Somewhere in the middle of the shouting match, though, there was a bit of a sea change and it took Mr. Bones a couple of minutes to figure it out. The tenor of the conversation shifted from a straight-up mutual defamation competition to something resembling unqualified attack and unflinching defense.

That was very troubling. What he expected to happen—what Howard had predicted would happen—was that the admiral would reach a point where denial was no longer useful, convenient, or fun and then he’d go on the attack. He’d throw the truth in Howard’s face and make him eat it uncooked.

So … why wasn’t that happening?

 

Chapter Eighty-eight

Elk Neck State Park
Cecil County, Maryland
Sunday, October 20, 12:33 p.m.

I found Junie and Ghost where I’d left them, and I popped a flare for the Echo Team chopper to pick us up. If there were any Closers left in the forest, they steered clear.

Bunny and Lydia and Pete pulled us into the Black Hawk and we dusted off immediately. Everybody wanted to do a lot of back-slapping, but I growled for some damn quiet so I could yell at the pilot.

“Get us the hell out of range of this damn jammer. Pedal to the metal.”

The chopper rose high and turned to the southwest. Ivan and Sam were crouched down behind the two miniguns, the barrels depressed toward the forest.

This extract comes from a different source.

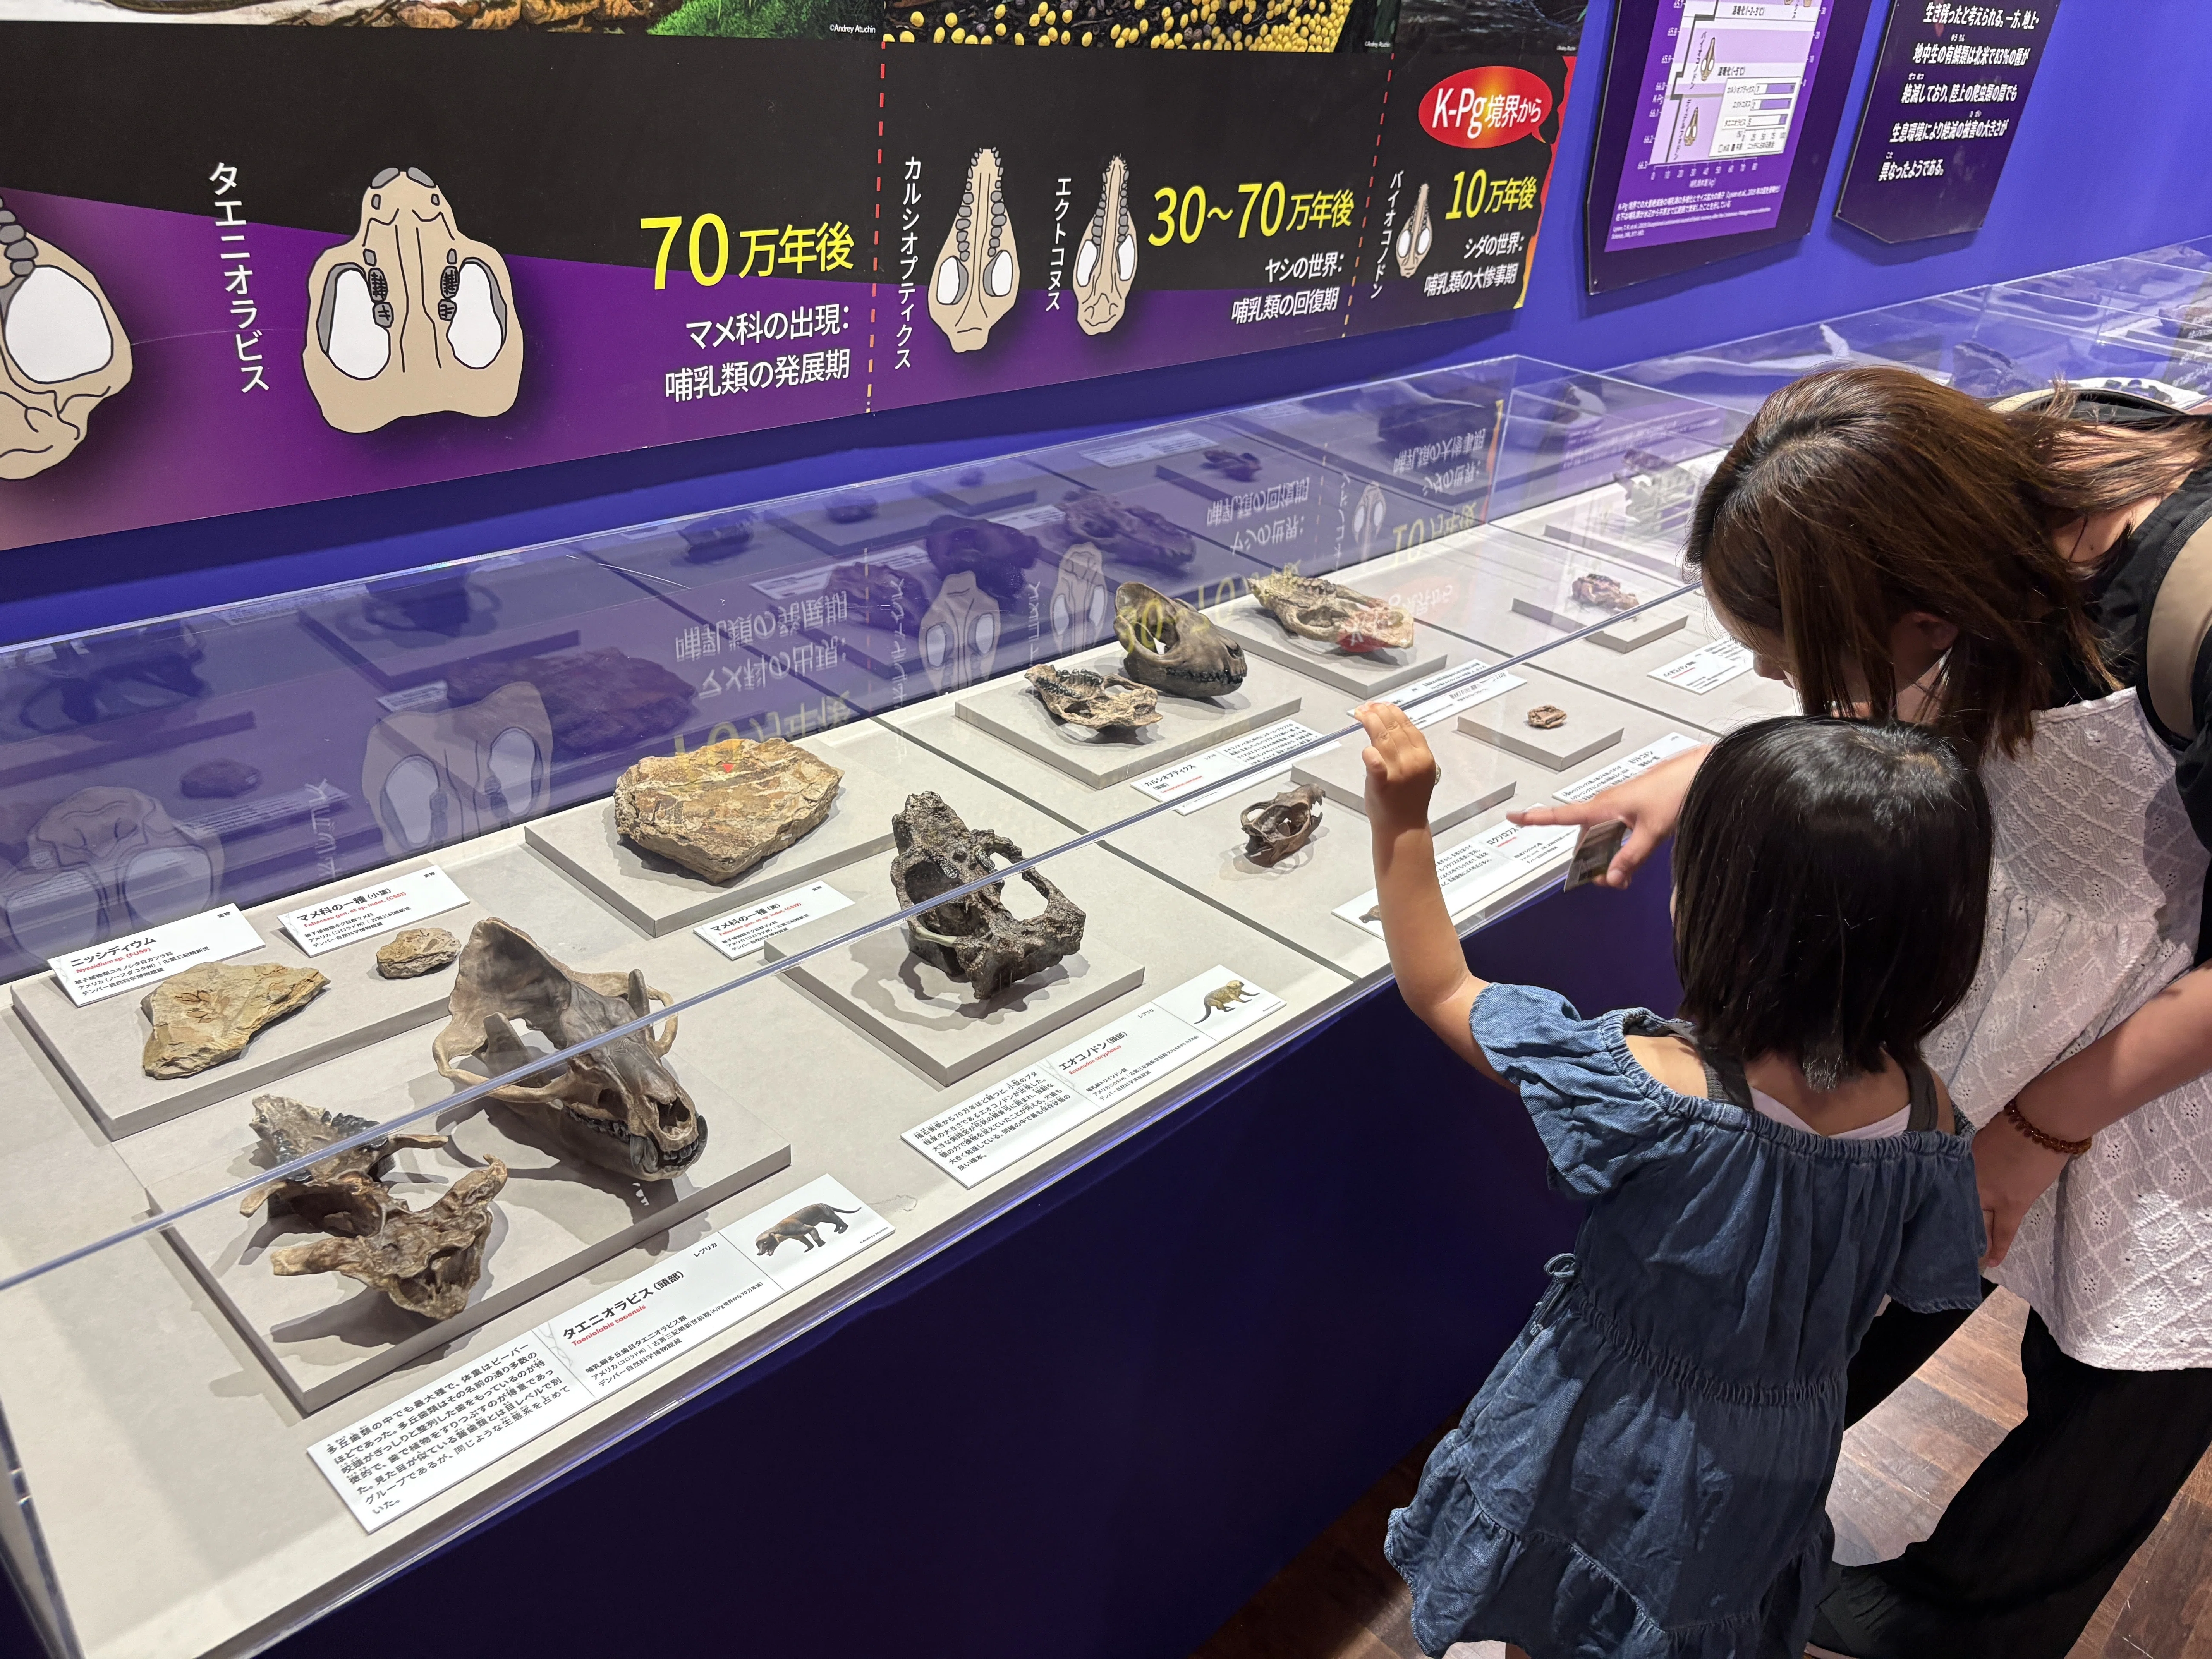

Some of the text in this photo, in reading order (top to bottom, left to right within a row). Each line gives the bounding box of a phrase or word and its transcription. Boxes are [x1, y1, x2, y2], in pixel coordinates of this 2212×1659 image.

Nothing and no one shot at us.

We thought we’d come through the fire.

Then we passed out of the jam zone.

I called the Warehouse. And got nothing.

I tapped over to Bug’s channel.

He was there.

He was crying.

He told me why.

Everyone was on the team channel. They all heard it.

It punched the air out of my lungs. The interior of the helo began spinning as if we were trapped in the heart of a cyclone.

“What?” I whispered. “What?”

A big sob broke in Bug’s chest. This was killing him.

“Bug … what about Rudy? What about Church?”

“Oh, Jesus, Joe,” he said, his voice breaking with pain, “I don’t know. The whole area around the Warehouse is gone…”

I spoke to Aunt Sallie, to Dr. Hu. I spoke to several other DMS officials. There was a scramble to get the staff out of every field office. Bomb squads were searching the buildings, inside and out.

No one knew anything.

There was no word about Church and Rudy, or about anyone else who had been at the Warehouse.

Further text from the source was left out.